Boiler systems are made up of a variety of parts that serve to both heat the water and deliver it. Since these systems can use volatile fuels like natural gas and oil, they also come with helpful safety features that activate in times of emergency. Knowing the names of these components can help you better understand your boiler’s processes and make it easier to communicate your maintenance needs.

Aquastats keep the system’s water temperature within a certain range. During the heating process, the boiler’s expansion tank will safely absorb the increasing temperature and pressure. Safety relief valves will open to let water out if the pressure reaches a dangerous level. If the boiler doesn’t have access to enough water, it may turn to the fuel shutoff valve to prevent any dangerous carbon monoxide leaks.

All of these parts and more are constantly working together to provide your home with safe and reliable heat. It’s important to schedule routine service for both your boiler and its venting system regularly to keep your home safe.

Different Types

Boilers are classified into many different categories, including fuel type, heating method, form of heating and overall size and ability. Choosing the best boiler for your home can often be a complicated process if you need clarification on what each classification means. Here are the most common distinctions and their pros and cons.

Fuel Type

As mentioned before, boilers need either gas, oil or electricity to heat the water. Gas boilers have a traditional pilot light or electric start function that ignites the natural gas and oxygen. In this system, the secure combustion chamber holds the gas as it burns and creates heat. That warmth then travels through a web of copper pipes called the heat exchanger to heat the water. This is the most popular type of boiler available as it’s relatively inexpensive to install and operate.

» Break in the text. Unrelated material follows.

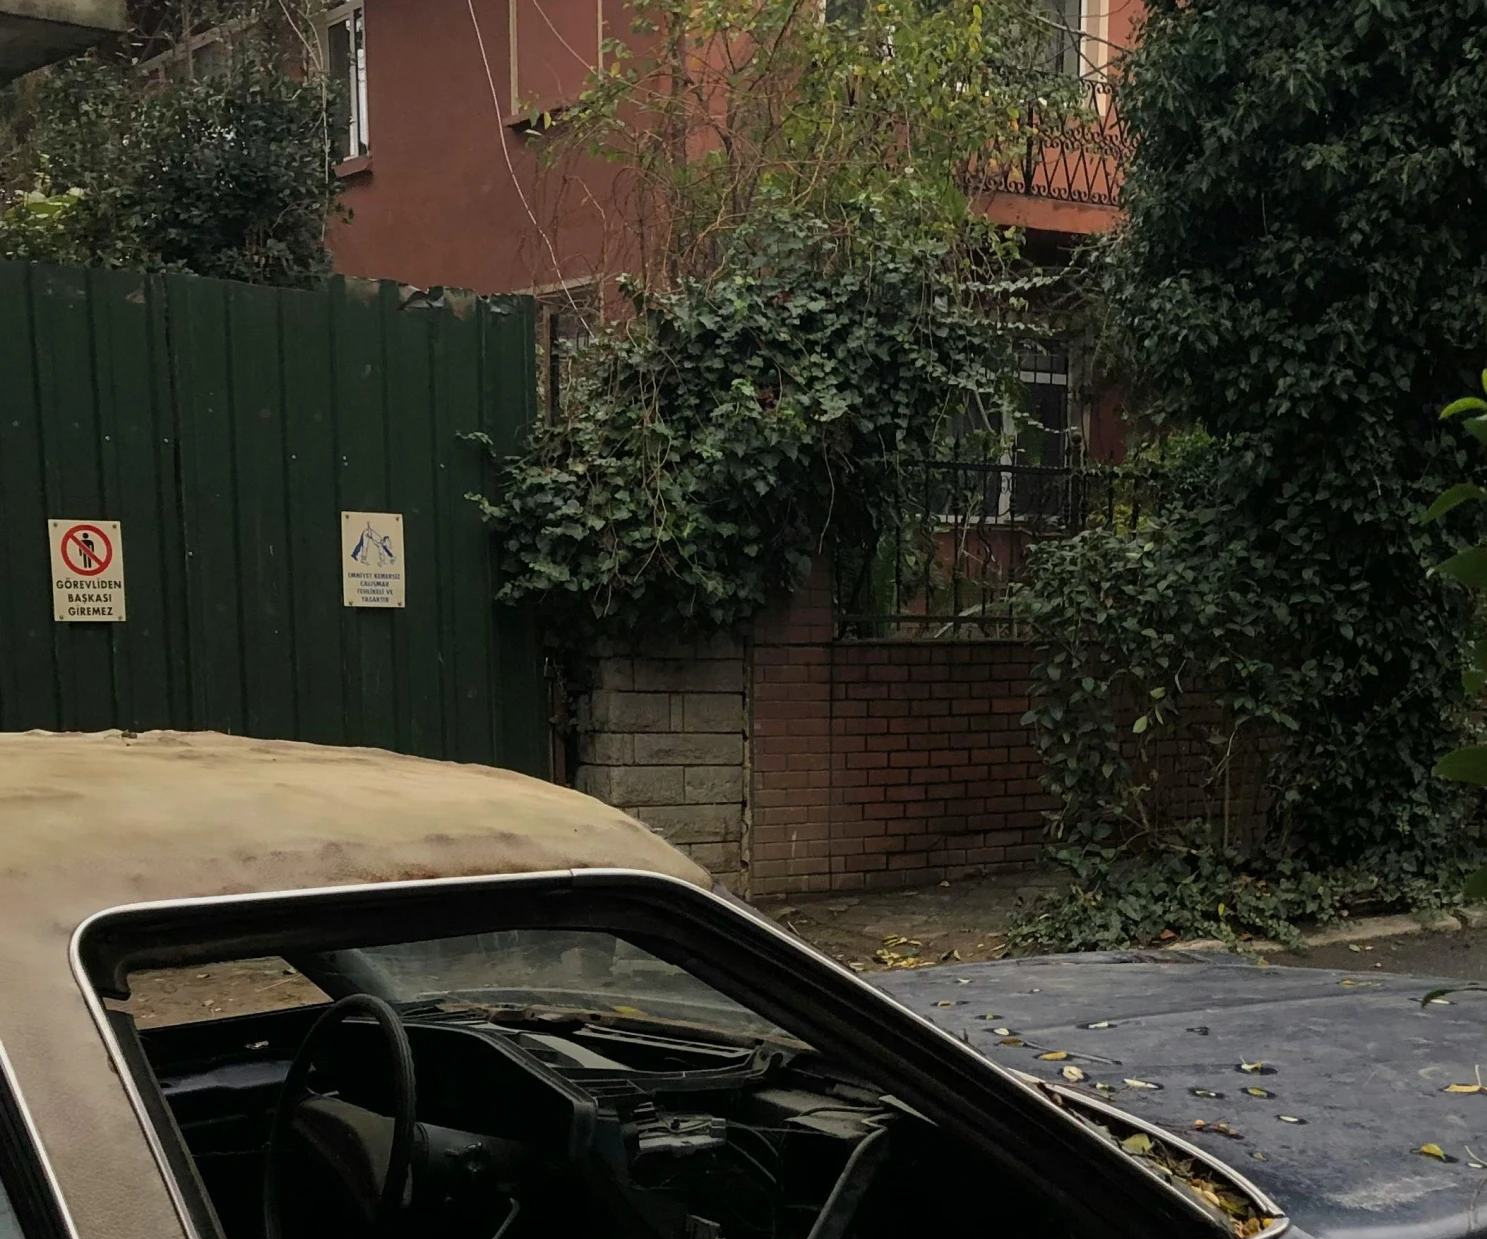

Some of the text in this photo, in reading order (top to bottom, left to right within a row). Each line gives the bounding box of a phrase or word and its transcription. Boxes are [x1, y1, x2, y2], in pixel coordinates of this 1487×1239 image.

[56, 577, 122, 589] GÖREVLİDEN
[67, 593, 112, 604] BAŞKASI
[68, 604, 113, 616] GİREMEZ

Oil boilers work essentially the same way as gas boilers. The oil is burned in the combustion chamber before it’s sent to the heat exchanger. The main difference between them is that oil boilers need a storage tank for their fuel. You’ll need to order your fuel from a local supplier and store it in the tank. If you run out, you may be stuck without both central heating and hot water. Oil systems aren’t as environmentally friendly as those that use natural gas, but some models are more energy efficient. While oil and gas prices fluctuate frequently, oil tends to be the more expensive option.

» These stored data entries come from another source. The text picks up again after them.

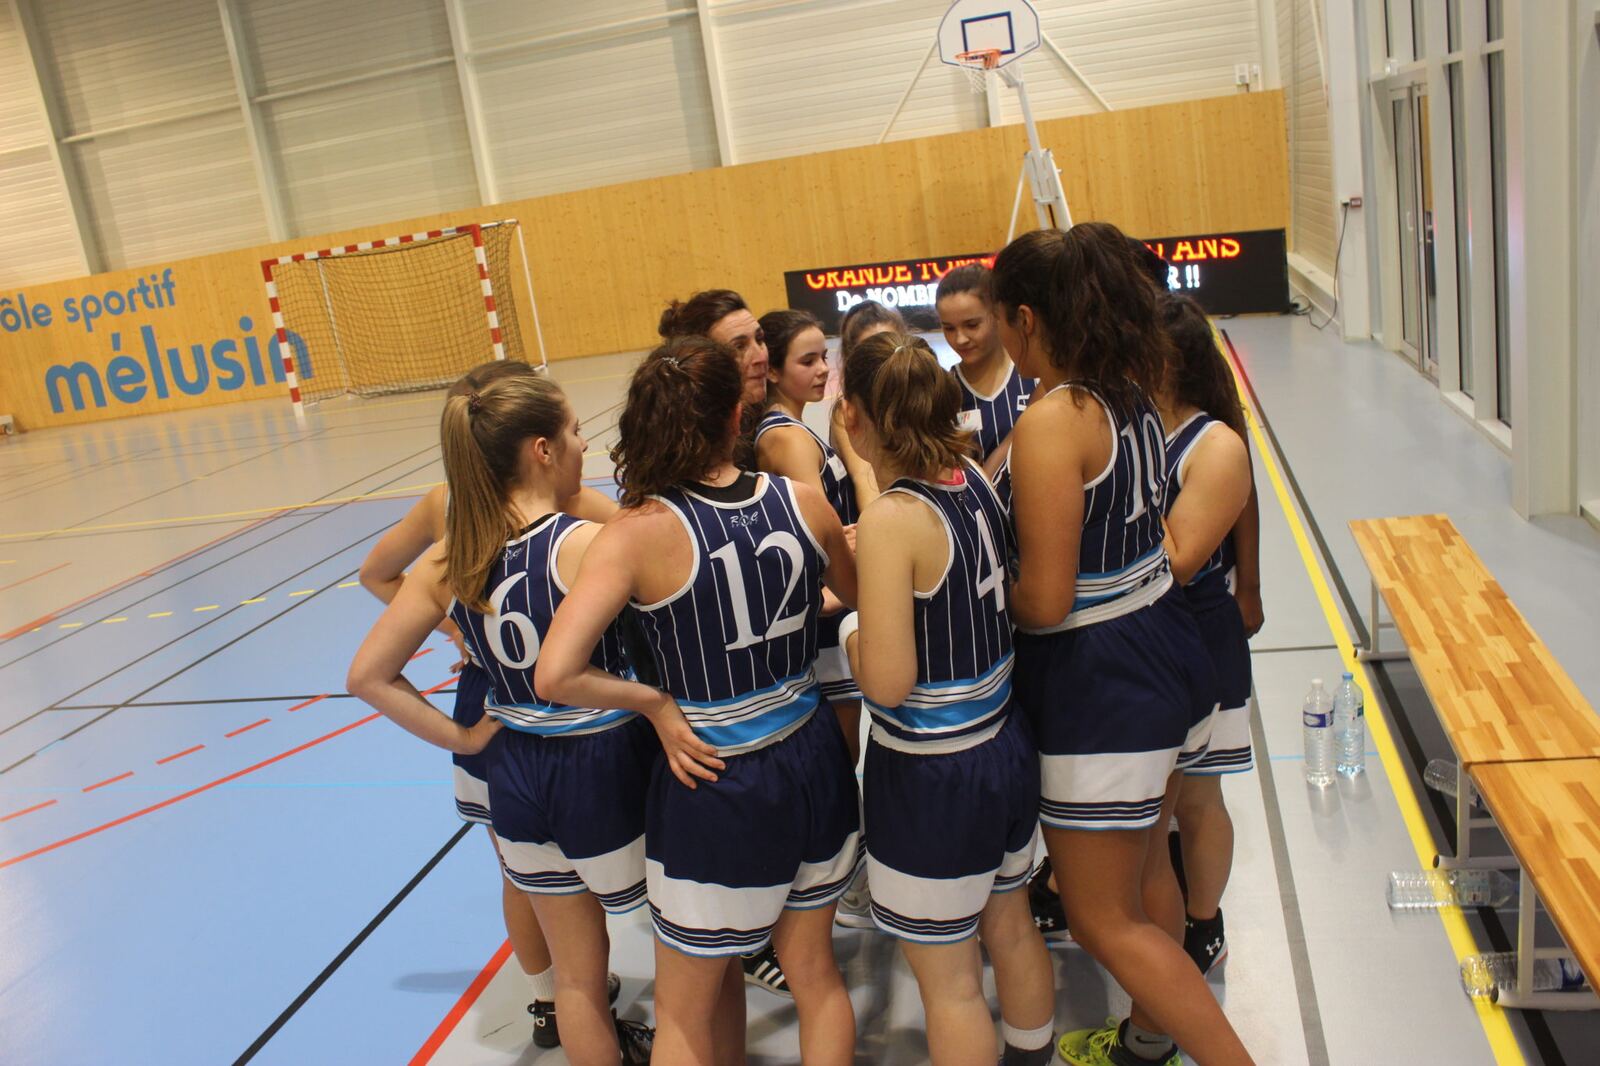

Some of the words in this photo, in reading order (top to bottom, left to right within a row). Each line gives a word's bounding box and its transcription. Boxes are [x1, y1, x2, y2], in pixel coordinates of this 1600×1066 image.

[63, 268, 176, 333] sportif
[45, 316, 314, 414] mélusin
[1120, 412, 1167, 525] 10
[709, 530, 810, 652] 12
[975, 508, 1005, 613] 4
[484, 571, 540, 670] 6

If you don’t have access to natural gas, you may opt for an electric boiler. Instead of igniting fuel, they instead use electricity to power their heating elements. These coils then directly transfer the heat to the water. Electric systems are known to burn cleaner than oil or gas boilers, which can lower your home’s carbon output. However, they’re also not as efficient and can cost more in utilities each month.

Heat-Only or Combination Systems

While traditional boilers only deliver central heating, newer models can also work as water heaters. The two types of combination boilers are indirect systems and tankless coil systems.

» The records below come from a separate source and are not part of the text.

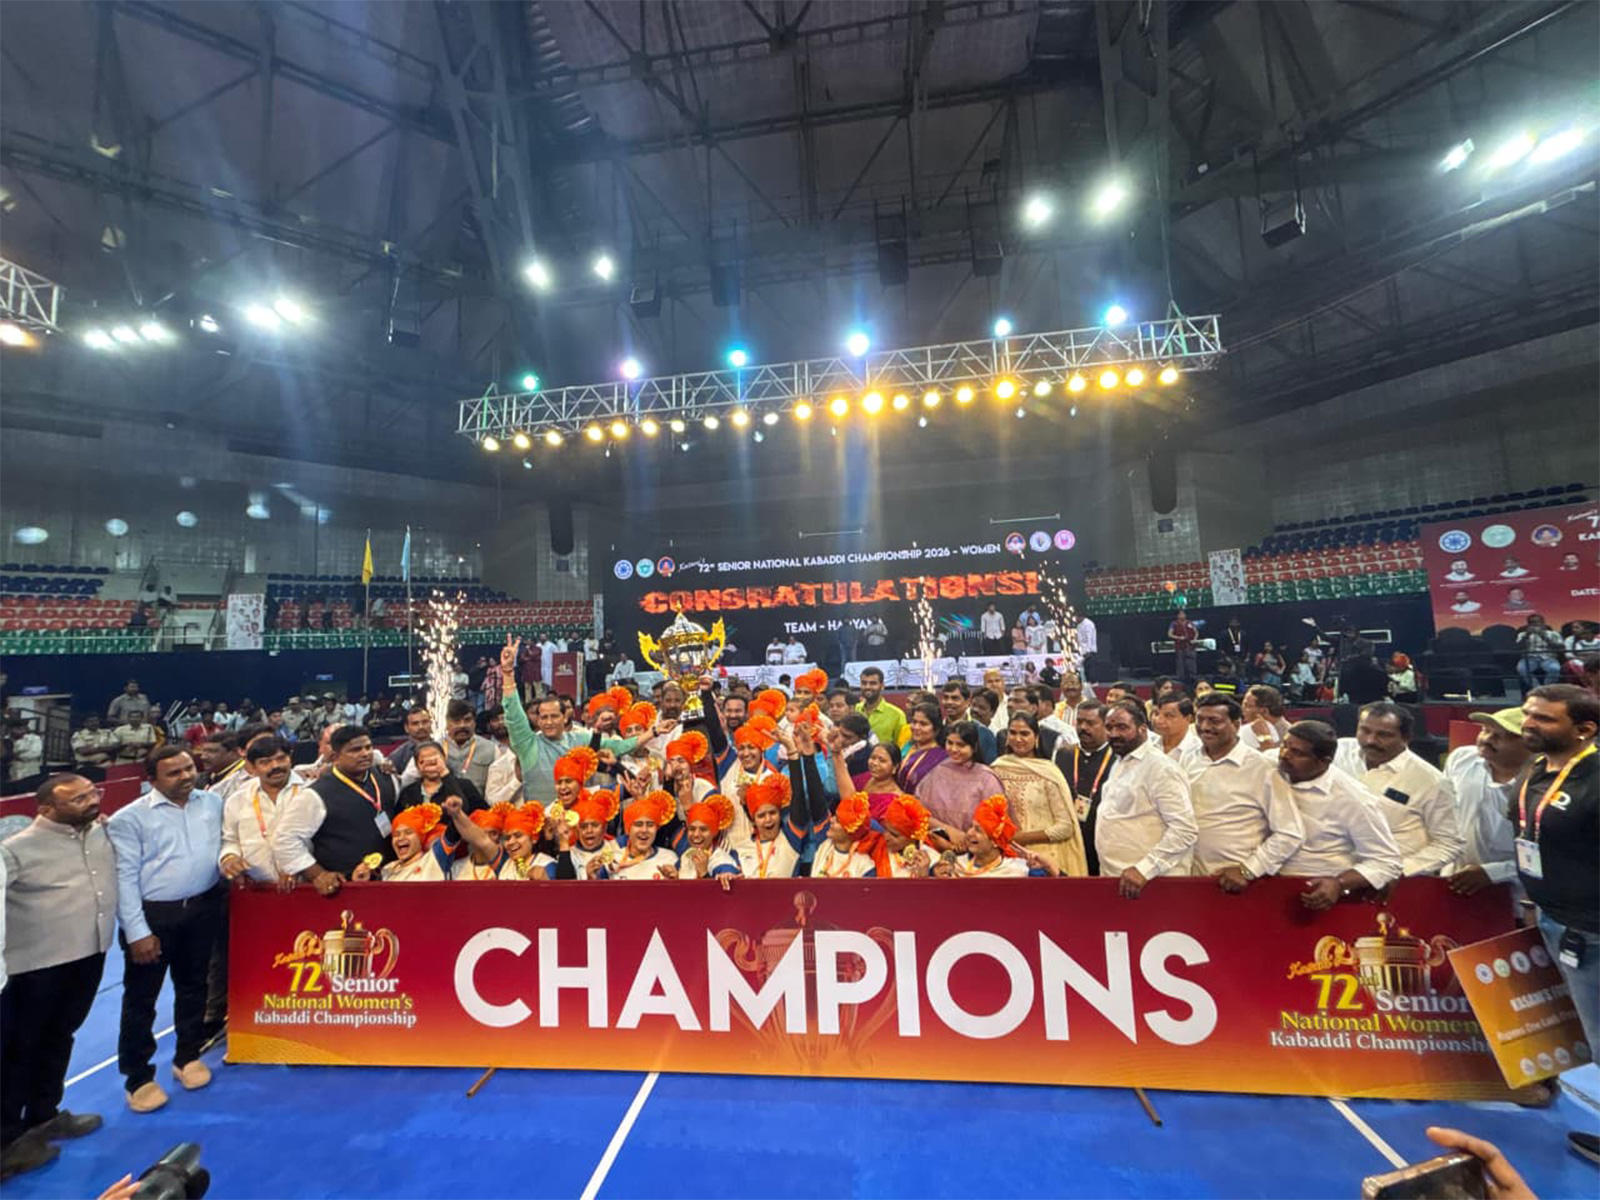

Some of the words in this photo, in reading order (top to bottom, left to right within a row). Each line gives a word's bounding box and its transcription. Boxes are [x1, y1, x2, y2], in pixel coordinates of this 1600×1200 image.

[717, 561, 751, 572] SENIOR
[753, 558, 801, 571] NATIONAL
[803, 554, 845, 567] KABADDI
[847, 550, 922, 563] CHAMPIONSHIP
[924, 548, 950, 559] 2026
[960, 543, 1001, 555] WOMEN
[784, 621, 817, 634] TEAM
[331, 972, 399, 993] Senior
[453, 926, 1219, 1046] CHAMPIONS
[263, 993, 332, 1010] National
[338, 993, 413, 1010] Women's
[1376, 988, 1469, 1013] Senior
[254, 1010, 310, 1025] Kabaddi
[313, 1010, 417, 1028] Championship
[1281, 1011, 1381, 1032] National
[1385, 1014, 1480, 1034] Women
[1270, 1031, 1351, 1049] Kabaddi
[1356, 1032, 1488, 1055] Championsh

A tankless coil system utilizes the heat exchanger to provide hot water on demand. This means that whenever you turn on the faucet, the boiler will kick on and heat the water with its heat exchanger. These are incredibly efficient during the colder season because they’re piggybacking off the central heating process. Unfortunately, tankless coil systems can guzzle through fuel in the summer when you no longer need home heating.

While indirect systems also need the heat exchanger, they’ll actually store their warm water in a tank until it’s needed. Just like a traditional water heater, these systems keep the water hot so it’s constantly available. Indirect systems are more energy efficient at heating water than tankless coil systems. Their overall usefulness, however, depends on your local climate and your regular boiler usage.

Form of Heating

No matter what type of fuel your boiler uses, it will only heat your home either with hot water or steam. Hot water boilers don’t need to bring the water to boiling temperatures. In reality, the water is heated up to between 140 and 180 degrees Fahrenheit before being sent into the pipes. An electrical pump ensures the water travels to every room.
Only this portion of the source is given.